While designing boats was his career, his love of flying emerged 30 years ago when he was given a few hours of flight time with a pilot as a gift. Ever the engineer, Marples looked over the plane on his first flight and had an epiphany: “I said, ‘Jeez, I could build this.’”
He built two planes while living in Washington state, and then a third while living in California.
When Marples starts talking about flying, his eyes light up under his bushy gray eyebrows.
“It’s really a thrill to fly and realize you’ve left the ground in a machine of your own making,” he says. “It’s amazing. You enter a cloud and you are in total whiteout. And then you come out the other side and — poof — you are in sunlight again. I’d go above the clouds and listen to classical music with noise-canceling headphones. It was as close to heaven as you could get.”
At their home in the rural town of Penobscot, Marples and his wife, Robin Jettinghoff, park their cars outside their two-bay garage — the nearly finished plane takes up one bay, while the other houses two workbenches, a drill press and a table saw.
The plane sits on a modified boat trailer. The detachable wings sit off to the side and will be transported in cradles alongside the fuselage on top of the boat trailer. Once the plane is at an airfield, Marples will bolt the wings to the fuselage.
Marples bought the plans for the plane, which consist of about a dozen hand-drawn pages of schematics, from Thatcher Aircraft based in Pensacola, Florida.
“Some of the airplanes you build from kits, they fly well, but they’re ugly,” said Glen Bradley, president of Thatcher Aircraft. “But this one looks good. We call that, ‘ramp appeal.’”
Bradley estimates there are between 80 and 100 of the CX4 aircraft around the world today. One of their selling points is their affordability, he says. Plans cost around $500, and the entire plane can be built for less than $20,000.
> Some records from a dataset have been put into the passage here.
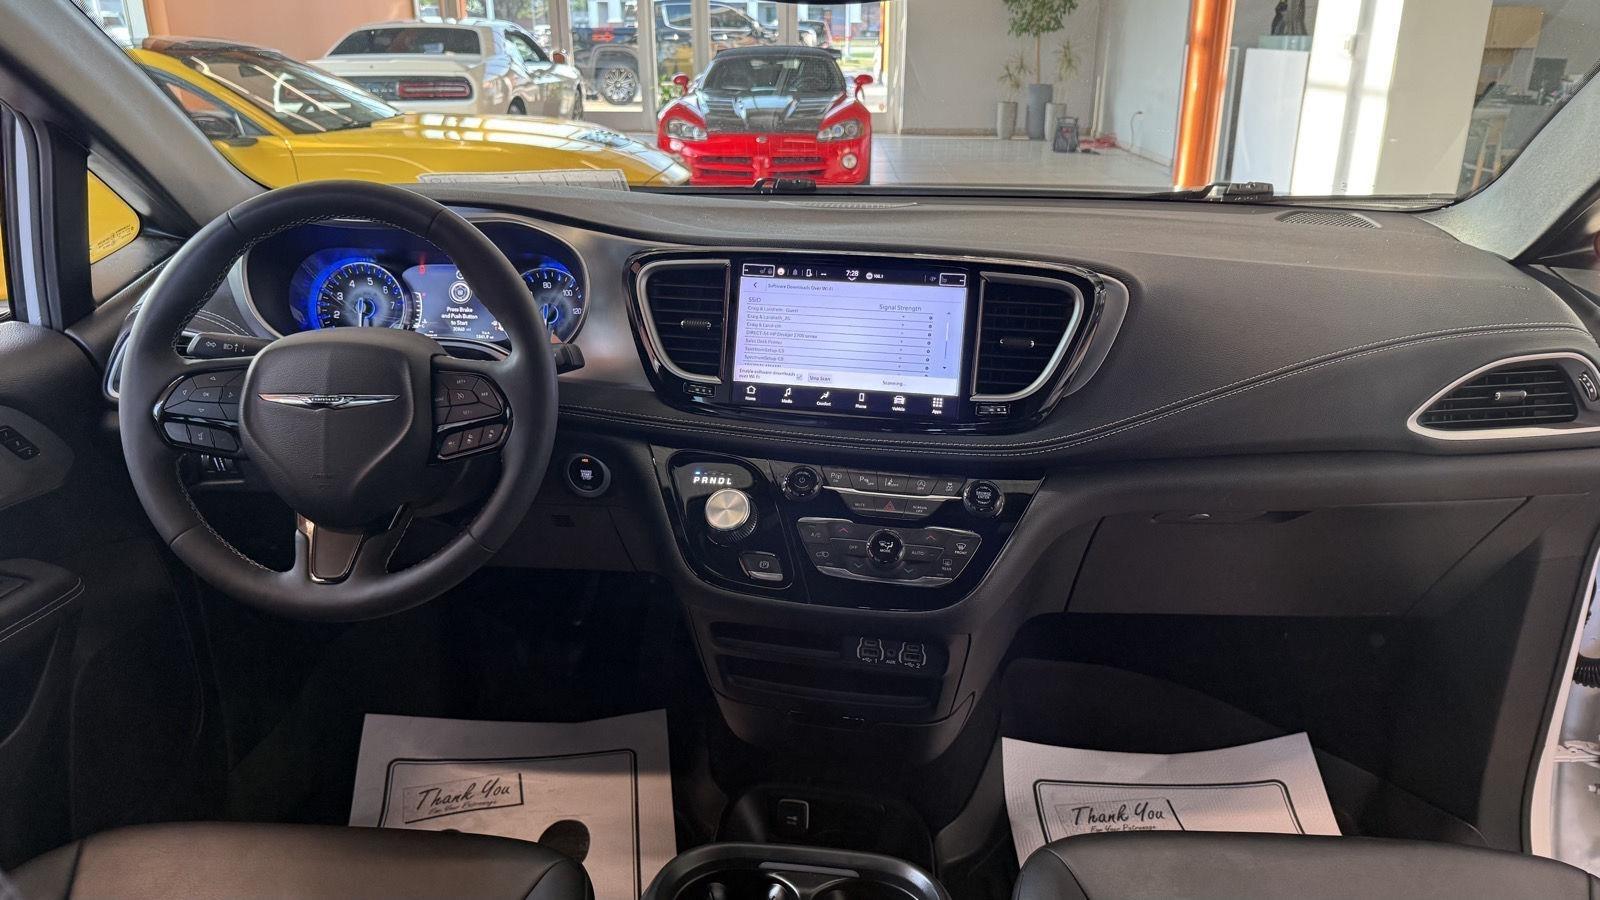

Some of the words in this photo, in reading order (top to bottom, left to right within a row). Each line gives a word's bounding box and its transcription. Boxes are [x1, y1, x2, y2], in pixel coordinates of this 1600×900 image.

[349, 280, 355, 288] 4
[367, 278, 373, 286] 5
[383, 286, 388, 294] 6
[336, 292, 343, 300] 3
[390, 302, 395, 310] 7
[880, 304, 896, 312] Signal
[333, 310, 340, 319] 2
[417, 783, 476, 810] Thank
[482, 777, 511, 798] You
[1072, 804, 1129, 825] Thank
[1135, 801, 1165, 821] You
Plus, he says, unlike other aircraft, the CX4’s Volkswagen engine runs on non-ethanol gas, which is available at many gas stations, rather than on expensive aircraft fuel.
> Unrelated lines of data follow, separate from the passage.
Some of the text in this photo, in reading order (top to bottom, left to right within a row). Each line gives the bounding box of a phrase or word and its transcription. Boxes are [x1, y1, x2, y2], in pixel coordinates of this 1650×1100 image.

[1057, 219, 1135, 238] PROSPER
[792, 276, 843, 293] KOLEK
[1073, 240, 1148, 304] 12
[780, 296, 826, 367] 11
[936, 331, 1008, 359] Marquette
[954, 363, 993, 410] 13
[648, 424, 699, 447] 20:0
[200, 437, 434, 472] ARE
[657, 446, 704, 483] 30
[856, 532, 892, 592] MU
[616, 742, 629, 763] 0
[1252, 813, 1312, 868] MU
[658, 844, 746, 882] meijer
Marples had to special order some of the plane’s parts, like aircraft-grade rivets and the handcrafted propeller made from maple. He found the plane’s cockpit instrumentation in a two-inch thick catalog from an aircraft supply company.
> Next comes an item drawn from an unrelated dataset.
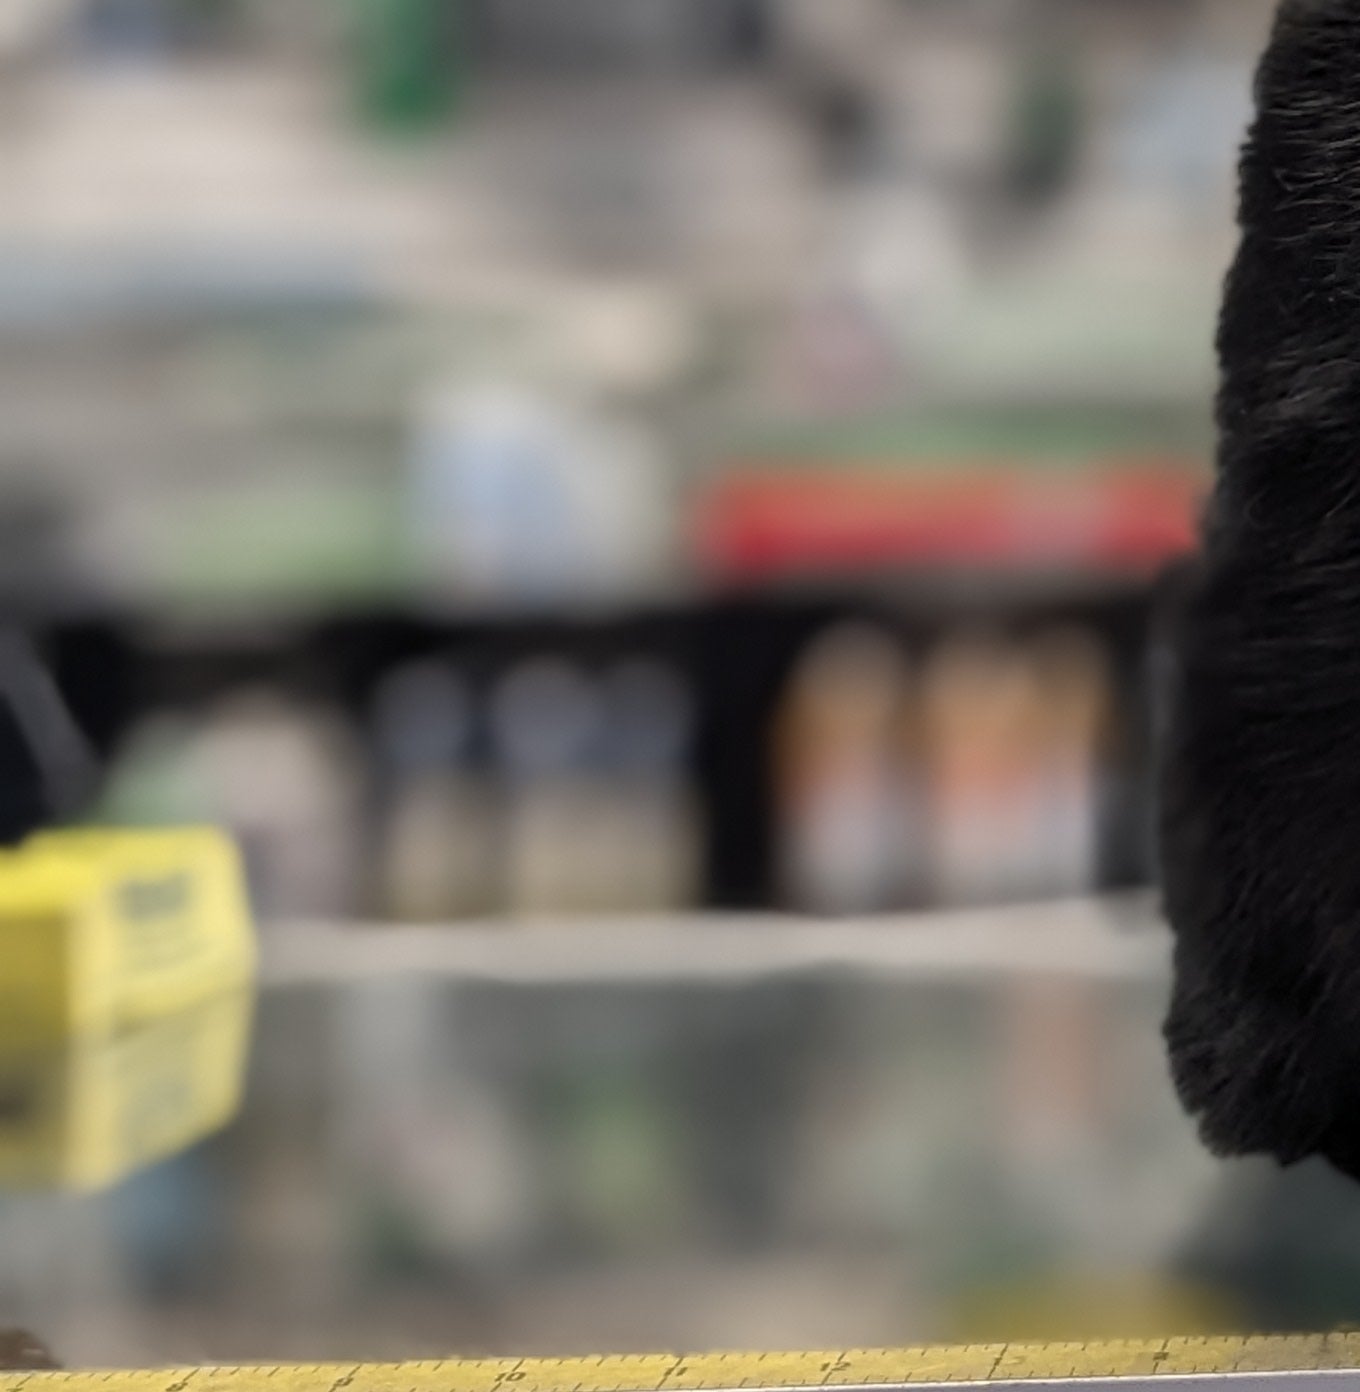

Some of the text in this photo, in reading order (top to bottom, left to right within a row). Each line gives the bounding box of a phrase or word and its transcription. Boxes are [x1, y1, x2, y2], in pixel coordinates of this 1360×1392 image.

But much of the plane is built with off-the-shelf components. Screws, nuts, and paint came from a hardware store in Bucksport. The cockpit canopy opens and closes on kitchen drawer slides that Marples bought at Home Depot.
Marples found the plane’s sheet metal — a mix of marine alloy and aircraft aluminum — at Maine suppliers in Bangor and Skowhegan. To bend the aluminum into shape, he used a friend’s sheet metal brake tool in Blue Hill.
To Marples, building a plane is as straightforward as cooking. “If you can read, you can cook,” he says.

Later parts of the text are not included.